• **Work to complete**:
Your output is to consist only of the line containing "this 1400×1867 image." and the lines after it, through the end of the data, reproduced exactly.

• **Records provided**:

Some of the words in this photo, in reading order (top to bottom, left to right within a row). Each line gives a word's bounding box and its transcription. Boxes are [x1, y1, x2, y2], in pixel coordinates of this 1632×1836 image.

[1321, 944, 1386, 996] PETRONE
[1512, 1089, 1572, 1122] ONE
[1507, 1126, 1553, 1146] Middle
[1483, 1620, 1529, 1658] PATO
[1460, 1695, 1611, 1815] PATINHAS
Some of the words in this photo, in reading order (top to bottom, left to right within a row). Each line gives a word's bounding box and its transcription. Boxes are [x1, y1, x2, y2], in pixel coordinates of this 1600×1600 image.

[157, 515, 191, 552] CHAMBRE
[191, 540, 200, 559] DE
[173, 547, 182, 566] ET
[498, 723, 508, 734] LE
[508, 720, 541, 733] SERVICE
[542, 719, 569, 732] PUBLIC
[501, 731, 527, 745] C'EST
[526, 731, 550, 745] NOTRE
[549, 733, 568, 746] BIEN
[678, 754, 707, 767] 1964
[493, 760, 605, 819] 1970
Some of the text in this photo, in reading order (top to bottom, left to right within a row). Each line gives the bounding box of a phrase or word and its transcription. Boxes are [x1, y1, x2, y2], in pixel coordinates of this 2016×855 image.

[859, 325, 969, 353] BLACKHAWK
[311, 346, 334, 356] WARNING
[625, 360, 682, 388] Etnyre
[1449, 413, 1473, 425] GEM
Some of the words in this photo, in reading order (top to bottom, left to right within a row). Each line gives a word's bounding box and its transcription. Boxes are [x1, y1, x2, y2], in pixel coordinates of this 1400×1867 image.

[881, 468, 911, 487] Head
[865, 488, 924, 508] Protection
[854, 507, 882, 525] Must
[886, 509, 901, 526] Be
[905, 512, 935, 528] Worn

• **Output for this exercise**:
Some of the words in this photo, in reading order (top to bottom, left to right within a row). Each line gives a word's bounding box and its transcription. Boxes are [x1, y1, x2, y2], in pixel coordinates of this 1400×1867 image.

[881, 468, 911, 487] Head
[865, 488, 924, 508] Protection
[854, 507, 882, 525] Must
[886, 509, 901, 526] Be
[905, 512, 935, 528] Worn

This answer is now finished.